Figure 2: Vector addition OPC value, using an array size of 134 million elements.
Even though we are not fully vectorizing the vector addition kernel, the AVL value is equal to the theoretical value of the vector length of the tested hardware architecture (Intel AVX512 ISA). This is due to the fact that, in this example, the peeled and remainder loops do not translate into a heavy performance penalty. Therefore, for simple algorithms, the poor vectorization efficiency should be detected by the information provided by the compiler, otherwise it will be difficult to detect such symptom with this AVL metric. Looking at the OPC metric, we get a low value of 0.2, which again, given the simplicity and low arithmetic density of the example, does not give us a clear picture regarding the efficiency of the vector instructions and so the user should rely on the information provided by the compiler.
Compiler report:
Begin optimization report for: matmul(const double *, const double *, double *, const int, const int, const int)
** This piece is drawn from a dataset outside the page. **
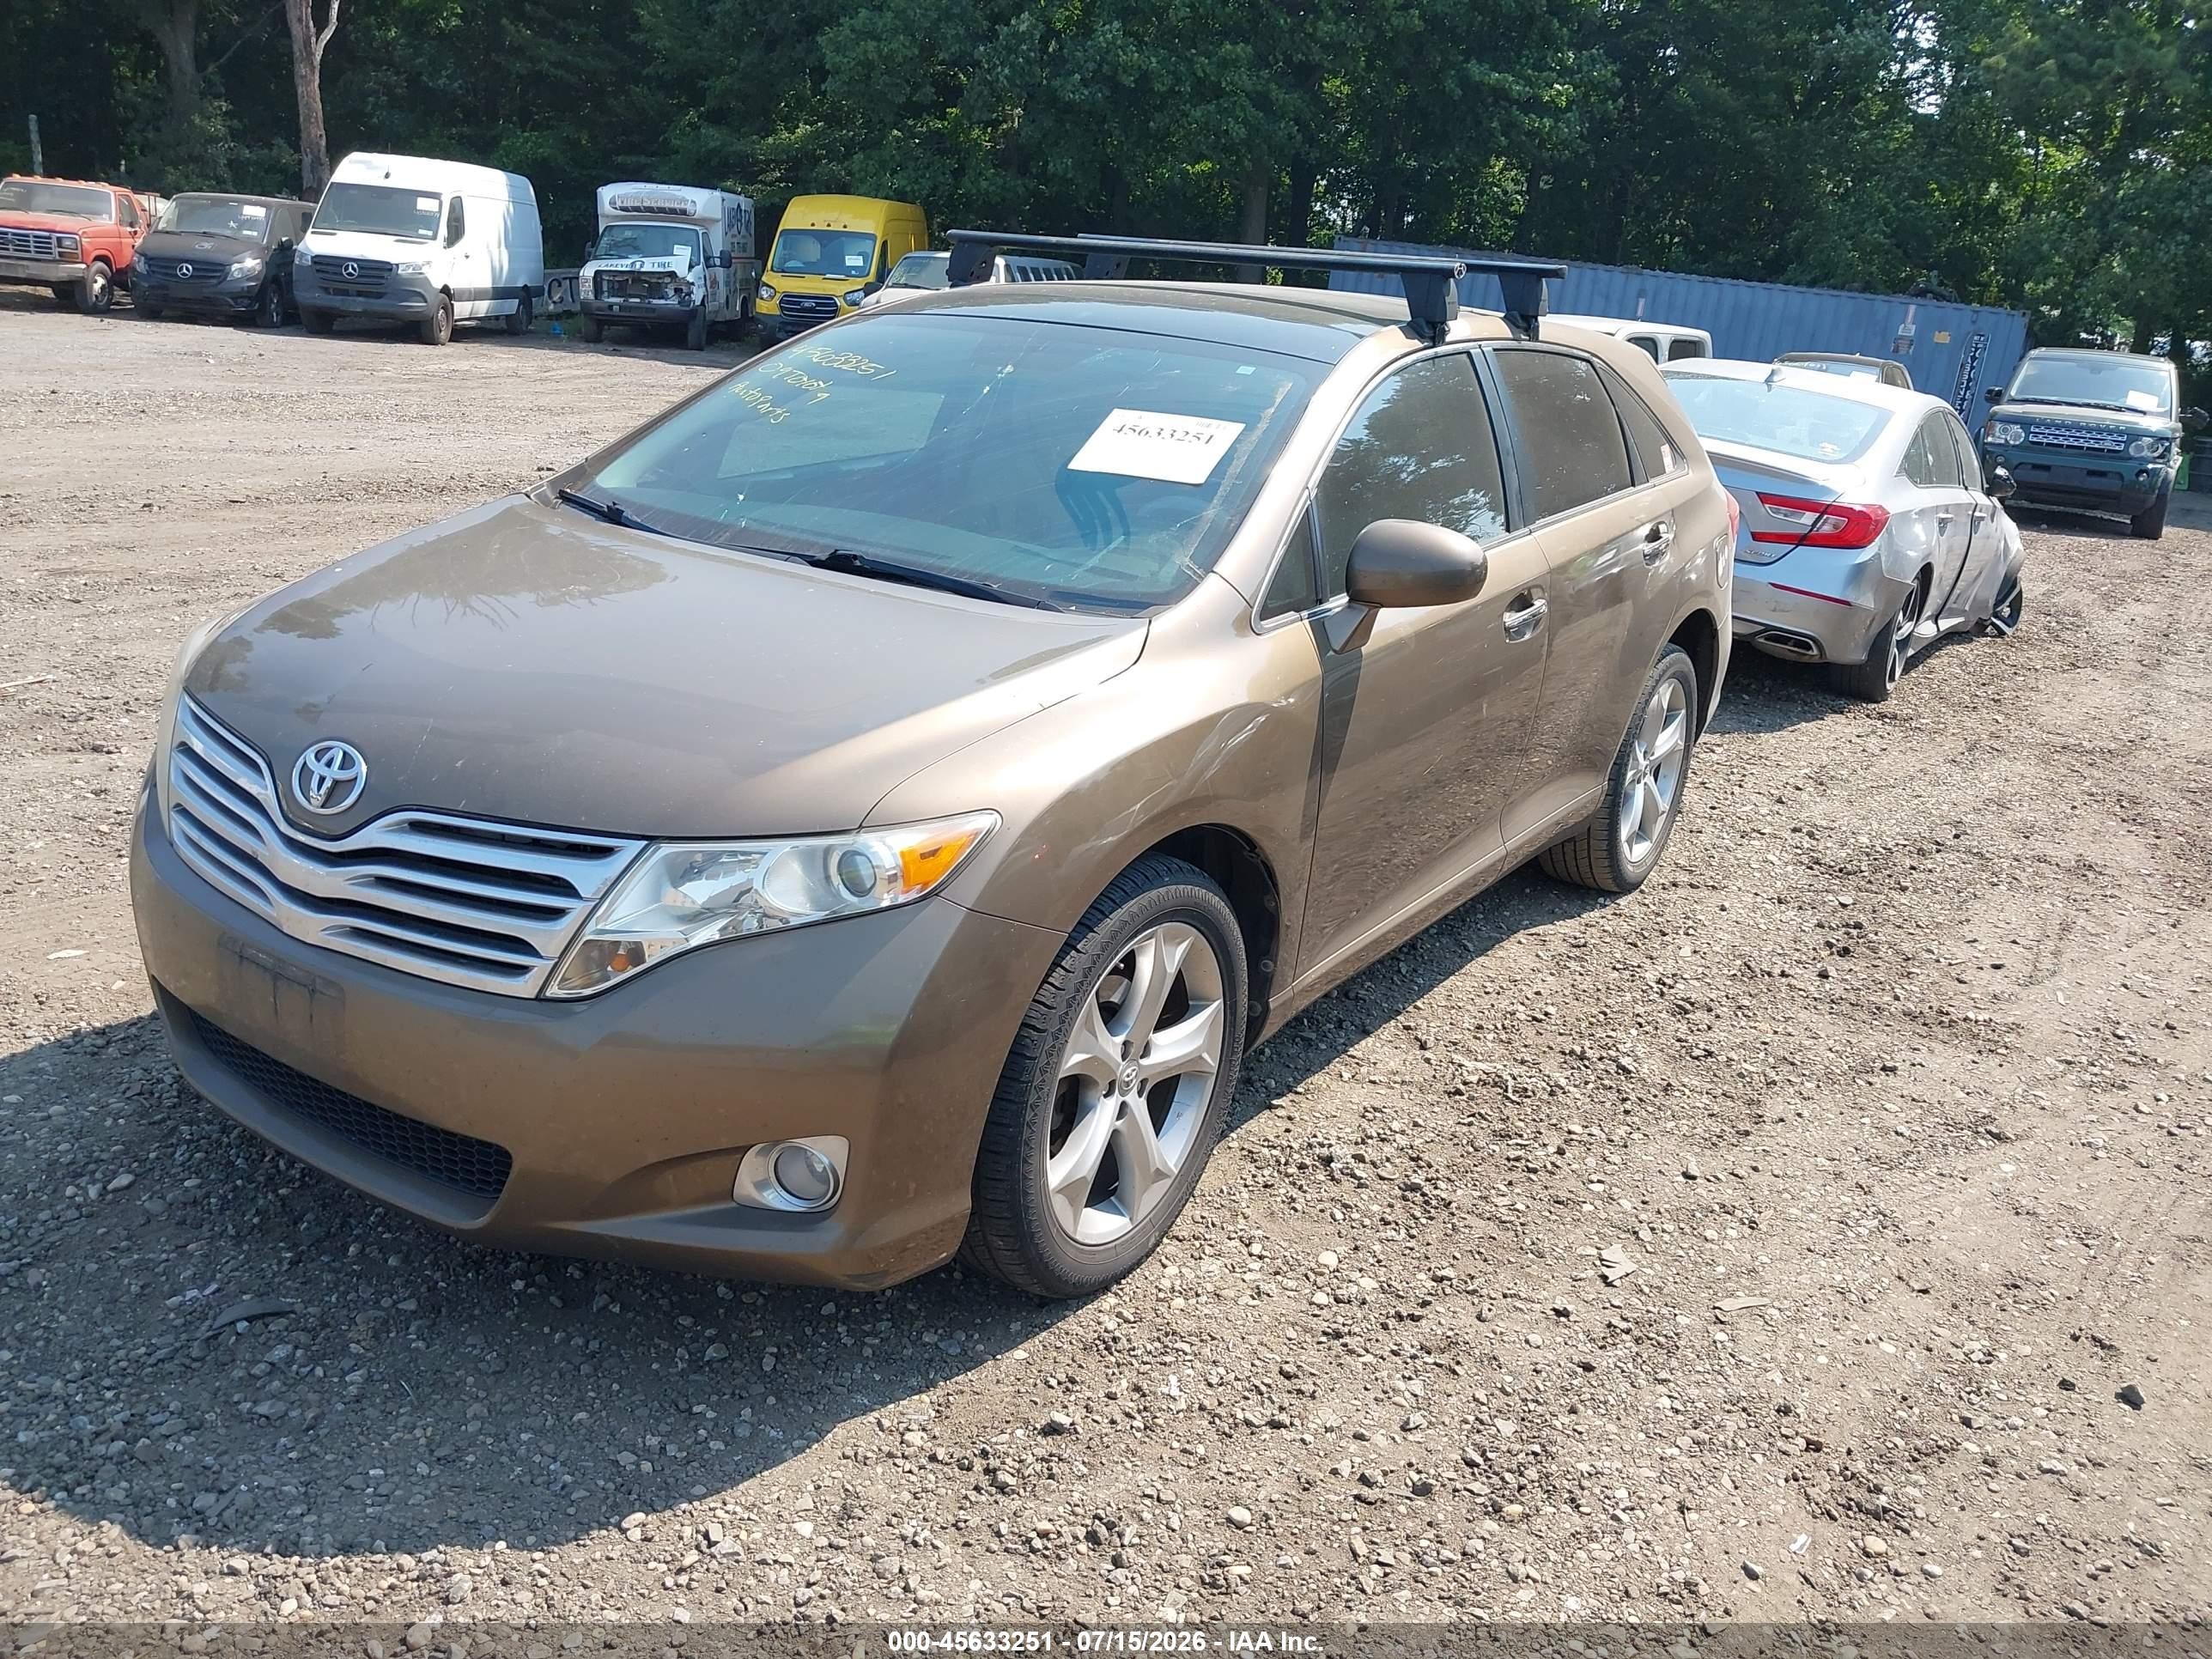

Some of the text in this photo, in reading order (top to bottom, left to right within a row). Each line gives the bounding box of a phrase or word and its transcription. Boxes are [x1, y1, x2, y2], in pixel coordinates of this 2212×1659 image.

[650, 260, 673, 270] TIRE
[2080, 422, 2126, 430] ROVER
[1113, 423, 1214, 445] 45633251
Report from: Loop nest & Vector optimizations [loop, vec]
LOOP BEGIN at /gpfs/home/bsc33/bsc33172/POP/auto-vectorization/for-loops-poor-auto-vec/src/matmul.c(6,2)
remark #25445: Loop Interchange not done due to: Data Dependencies
remark #25446: Dependencies found between following statements: [From_Line# -> (Dependency Type) To_Line#]
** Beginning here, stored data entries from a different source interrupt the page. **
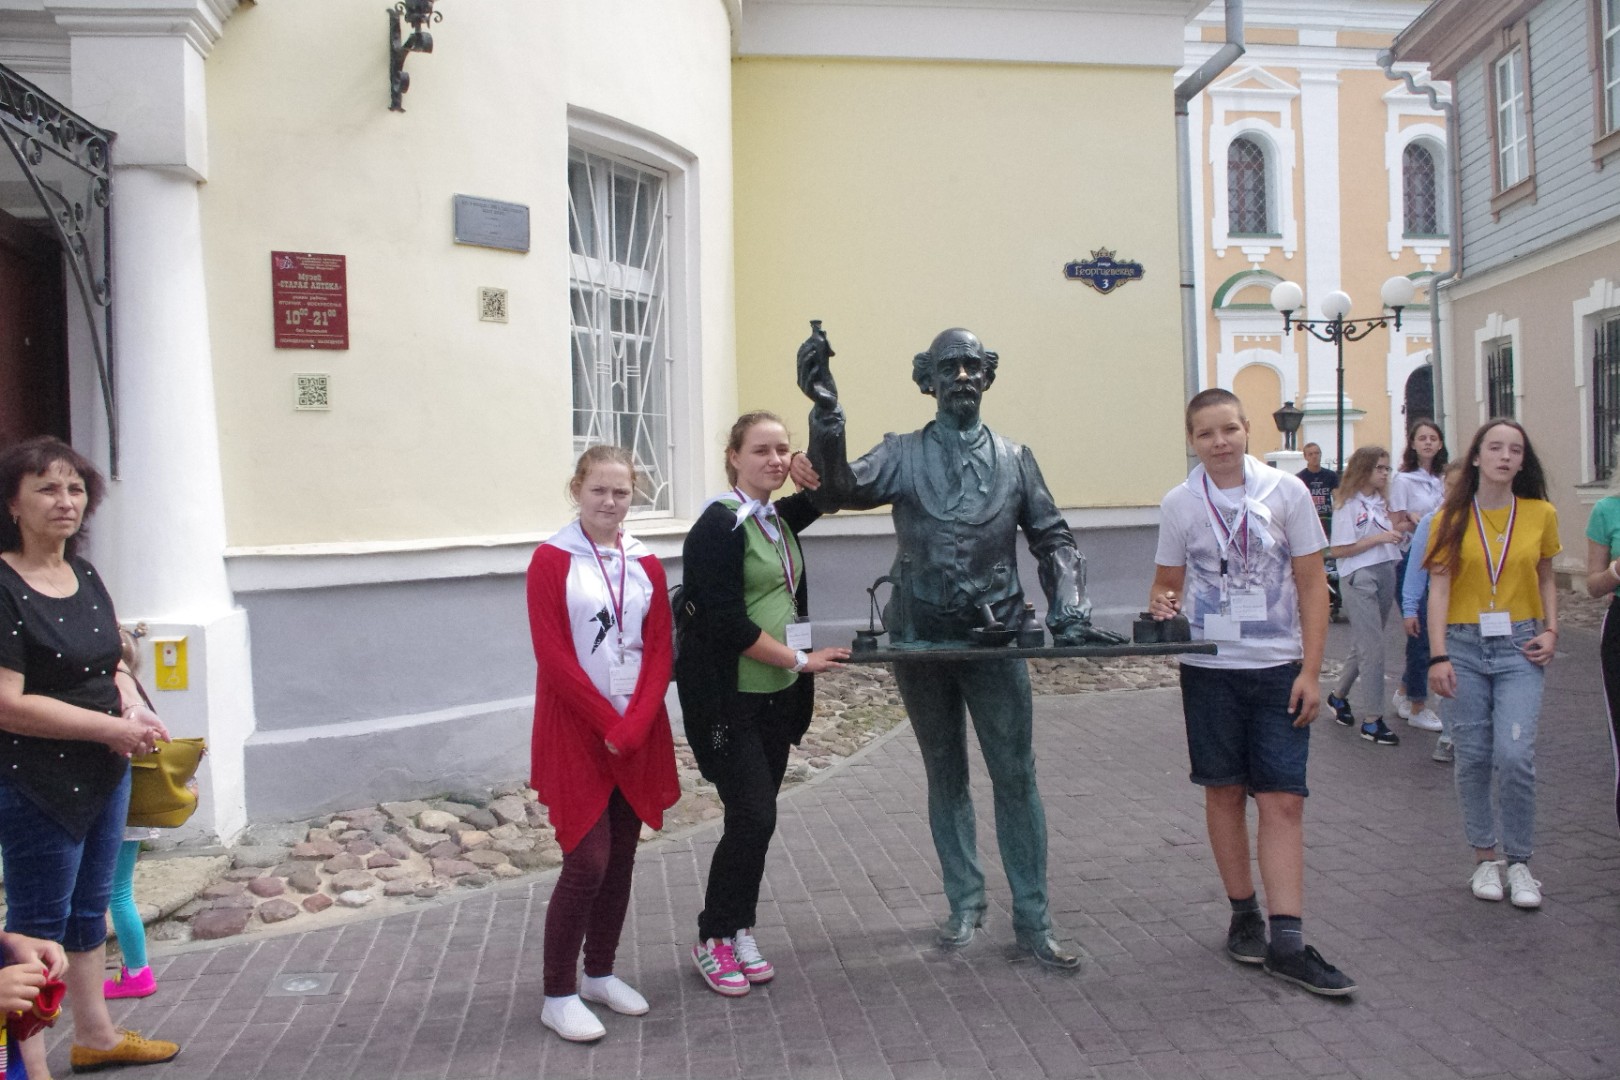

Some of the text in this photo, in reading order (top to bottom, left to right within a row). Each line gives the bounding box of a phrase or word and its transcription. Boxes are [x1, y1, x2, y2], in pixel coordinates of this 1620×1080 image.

[1075, 266, 1135, 276] Георгиевская
[297, 273, 322, 281] Музей
[1102, 279, 1109, 289] 3
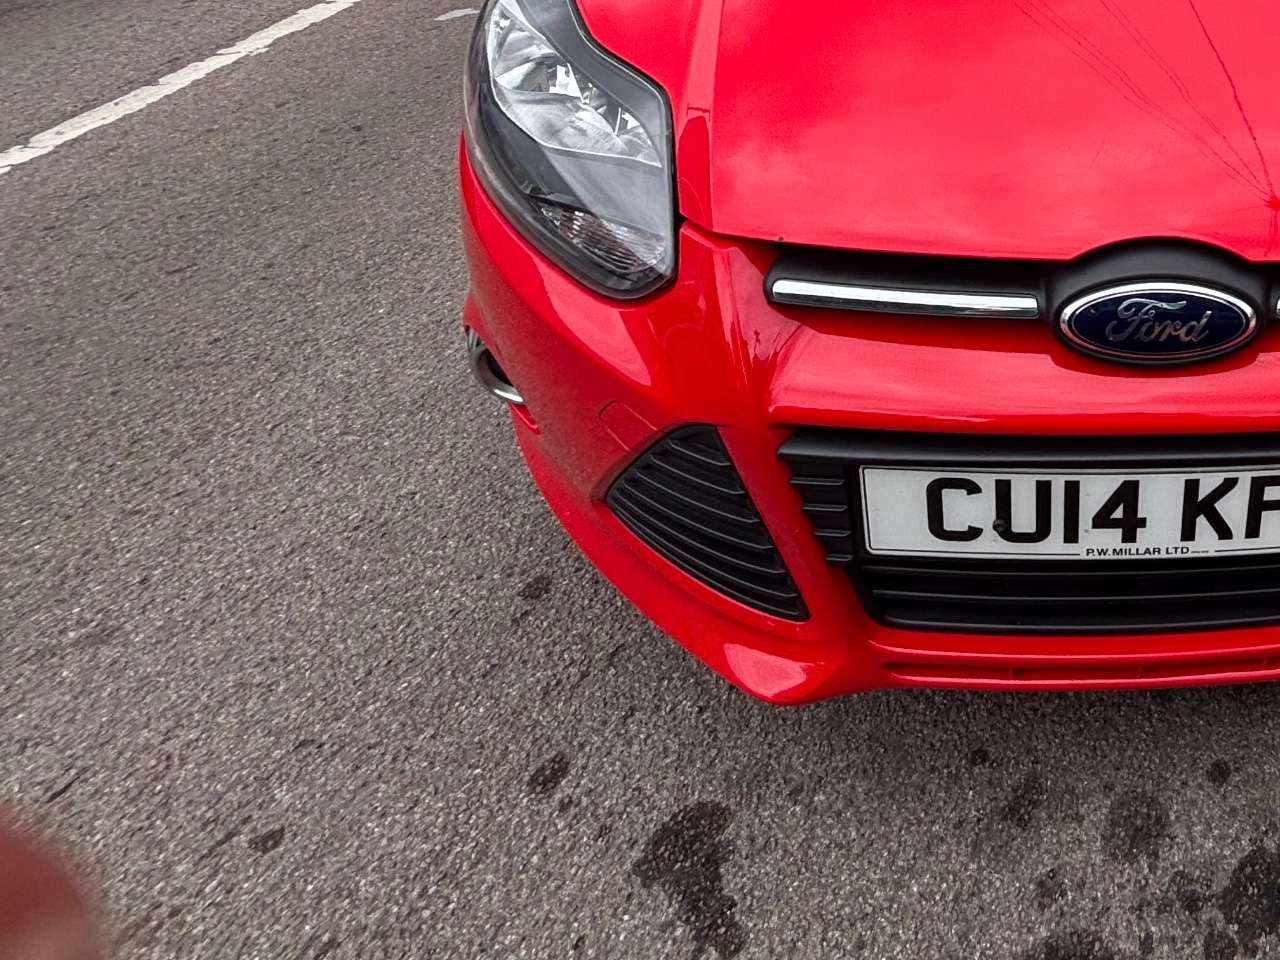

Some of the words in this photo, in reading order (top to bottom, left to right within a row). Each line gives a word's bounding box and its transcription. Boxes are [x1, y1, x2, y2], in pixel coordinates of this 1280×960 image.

[1105, 297, 1213, 342] Ford
[926, 477, 1148, 544] CU14
[1165, 546, 1190, 555] LTD
remark #25447: Dependence found between following statements: [8 -> (Flow) 8]
remark #25447: Dependence found between following statements: [8 -> (Anti) 8]
remark #25451: Advice: Loop Interchange, if possible, might help loopnest. Suggested Permutation : ( 1 2 3 ) --> ( 1 3 2 )
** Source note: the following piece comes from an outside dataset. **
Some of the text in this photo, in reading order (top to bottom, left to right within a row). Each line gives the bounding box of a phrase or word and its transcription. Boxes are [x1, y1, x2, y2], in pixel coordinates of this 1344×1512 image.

remark #15541: outer loop was not auto-vectorized: consider using SIMD directive
LOOP BEGIN at /gpfs/home/bsc33/bsc33172/POP/auto-vectorization/for-loops-poor-auto-vec/src/matmul.c(7,3)
remark #15541: outer loop was not auto-vectorized: consider using SIMD directive
LOOP BEGIN at /gpfs/home/bsc33/bsc33172/POP/auto-vectorization/for-loops-poor-auto-vec/src/matmul.c(8,4)
remark #15344: loop was not vectorized: vector dependence prevents vectorization
remark #15346: vector dependence: assumed FLOW dependence between C[i*N+j] (8:25) and C[i*N+j] (8:25)
remark #15346: vector dependence: assumed ANTI dependence between C[i*N+j] (8:25) and C[i*N+j] (8:25)
LOOP END
LOOP END
LOOP END
===========================================================================
Figure 3: Matrix multiplication AVL value, using square matrices of 2048 by 2048 elements.
Figure 4: Matrix multiplication OPC value, using square matrices of 2048 by 2048 elements.
In this example, the aforementioned metrics (mostly AVL) definitely provide insightful information regarding the efficiency of using vector instructions. For example, if we look at the results given in Figure 3 we see that the AVL value is one. This value is significantly less the theoretical value for the tested hardware architecture (Intel AVX512 ISA) which is 8. The OPC value (Figure 4), also give us a lower value of 0.23 which can be understood as a symptom of poor use of vector instructions, but this metric alone is not sufficient enough to clearly see this issue.
(*) These performance metrics are being developed by MEEP and POP2 projects.